Der Mord an Banaz
Die 1977 in Oslo geborene Deeyah hat für ihren Film Banaz – a love story in den USA einen »Emmy« für den besten Dokumentarfilm bekommen. Las ich vorgestern auf Aftenposten; dabei war die Verleihung schon vor zwei Wochen. Die Zeitung hat den Film bereitgestellt, und ich habe ihn mir angesehen. Banaz war 21 Jahre alt, hübsch, verliebt, und wurde von ihrem Vater und vier weiteren männlichen Verwandten ermordet.
Banaz wurde am 16. Dezember 1985 im Irak geboren. Mit ihrer kurdischen Familie kam sie 1995, als sie zehn Jahre alt war, nach London. Sie erhielten als Verfolgte von Saddam Hussein Asyl. Banaz war ein sanftes Mädchen. Sie hatte vier jüngere Schwestern und einen Bruder. »Sie war schön«, sagt eine Schwester. »Man wollte sie die ganze Zeit nur anschauen. Leider haben Frauen bei uns keine Rechte.«
Mit 17 Jahren verheiratet sie die Familie mit einem entfernten Bekannten. Er schlägt und vergewaltigt seine Frau andauernd. Bei einem Essen mit Freunden spricht sie ihn mit Namen an, was Ehefrauen nicht dürfen. »Wenn du das noch mal machst«, sagt der Mann, »stecke ich ein Messer in dich hinein.« Er habe immer seinen Willen haben müssen. Nach dreijährigem Martyrium und vielen erlittenen Verletzungen geht Banaz zur Polizei.

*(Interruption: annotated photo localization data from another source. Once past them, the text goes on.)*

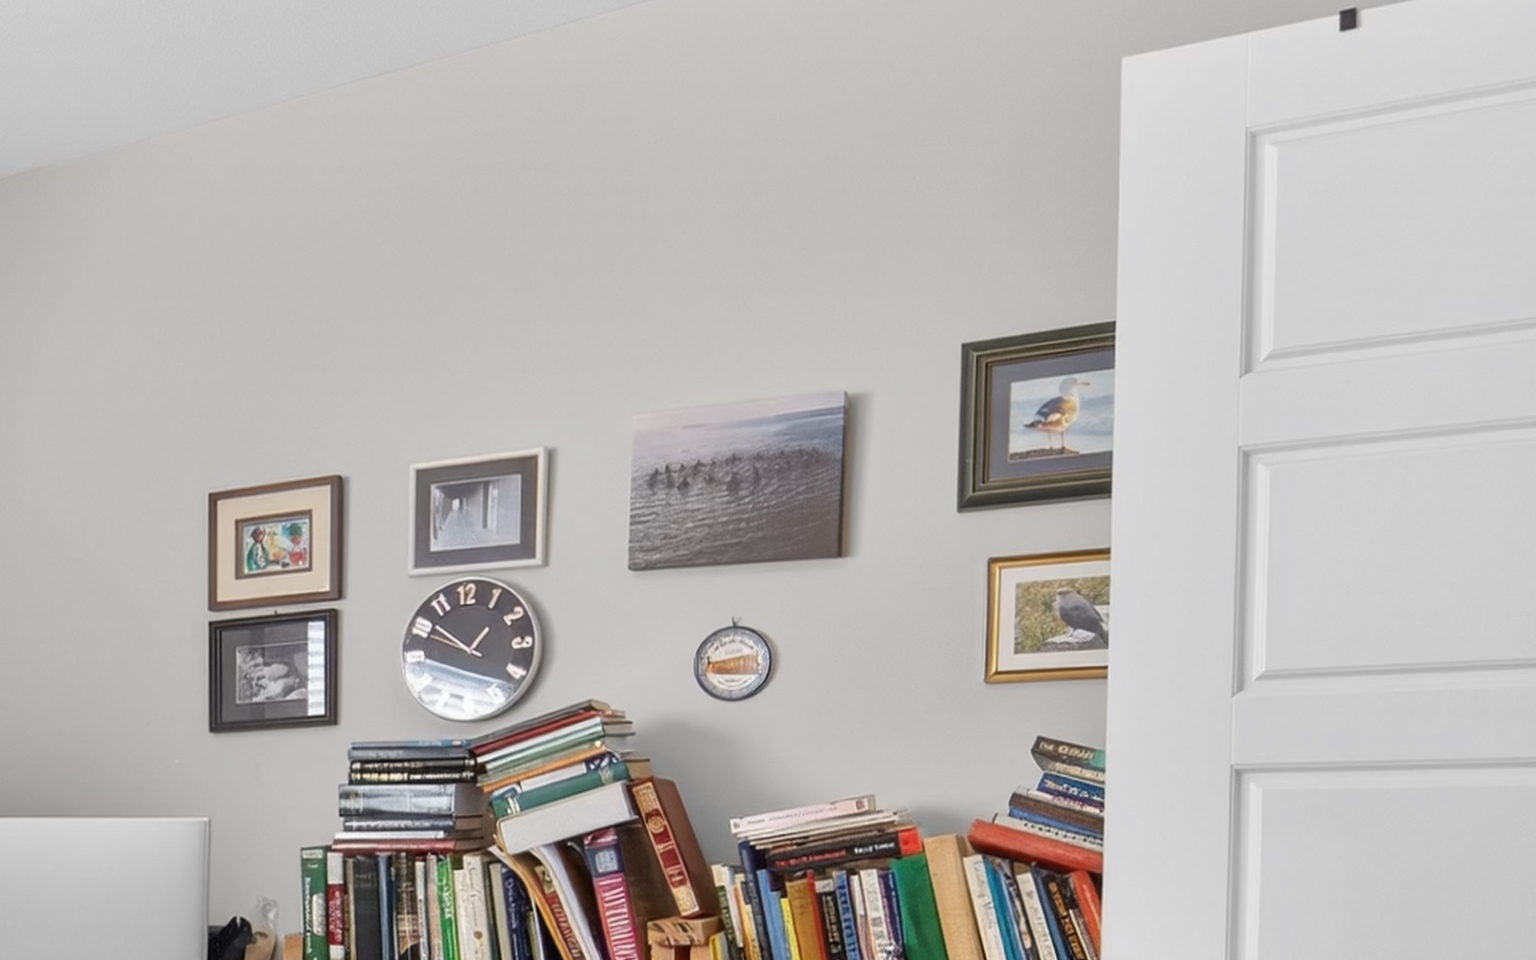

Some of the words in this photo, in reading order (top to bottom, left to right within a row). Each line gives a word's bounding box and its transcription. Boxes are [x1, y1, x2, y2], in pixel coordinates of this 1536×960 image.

[431, 593, 451, 616] 11
[456, 583, 476, 605] 12
[488, 588, 502, 609] 1
[503, 606, 524, 626] 2
[412, 617, 433, 638] 10
[511, 636, 533, 649] 3

Im Film sieht man das Video ihres Besuches. Wir sehen sie im Verhörraum sprechen. Es war der 10. Oktober 2005. Eine Beamtin hörte sich alles an, aber nichts geschah. Banaz verlässt ihren Mann. Das ist für eine kurdische Frau unerhört. Niemand hilft ihr. Sie ist alleine. Sie beschreibt ihre vier Onkels in ihrem Tagebuch und ergänzt: Wenn mir etwas passiert, waren es sie.« Sie wusste: »Wenn ich weglaufe, bin ich tot. Wenn ich nach Hause zurückgehe, bin ich tot.“
Sie verliebt sich in Rahmat. An Silvester lockt sie ihr Vater ins Haus der Großmutter. Sie weiß, dass er sie töten will, kann aber fliehen. Täglich schreibt sie zwei SMS an Rahmat: »I love you so much XXXXX.« Einmal werden sie gesehen, wie sie sich vor einem Bahnhof küssen. Dann trifft sich anscheinend der (männliche) Familienrat und fällt das Todesurteil.
Am 25. Januar 2006 wird Banaz als vermisst gemeldet. Erst im März findet man ihre Leiche, in fötaler Position in einem Koffer hockend, zwei Meter tief in der Erde vergraben. Am 24. Januar haben der Vater und die vier Verwandten, die untereinander Cousins sind, sie zu Hause überfallen. Banaz wird mehrmals vergewaltigt, dann erdrosselt man sie mit einer Drahtschlinge. »Nach vier oder fünf Minuten entwich ihre Seele«, beschrieb später einer der Täter.
Vater Mahmud sowie Ali und Mohammed werden zu lebenslangen Haftstrafen verurteilt. Die zwei fehlenden Mörder sind geflüchtet und brüsten sich in Cafés im Irak, wie sie Banaz vergewaltigten. Die englische Polizei spürt sie auf. Die beiden sind 2010 die ersten Iraker, die nach England ausgeliefert werden. In dem Jahr 2010 gab es in Großbritannien 3000 »Ehrenmorde«, wie diese scheußlichen Taten genannt werden.
Die Regisseurin Deeyah denkt nicht in erster Linie, dass die Emmy-Auszeichnung ihr viele Türen öffnet. Sie denkt immerzu an Banaz und freut sich, dass sie ihr Schicksal erzählen konnte.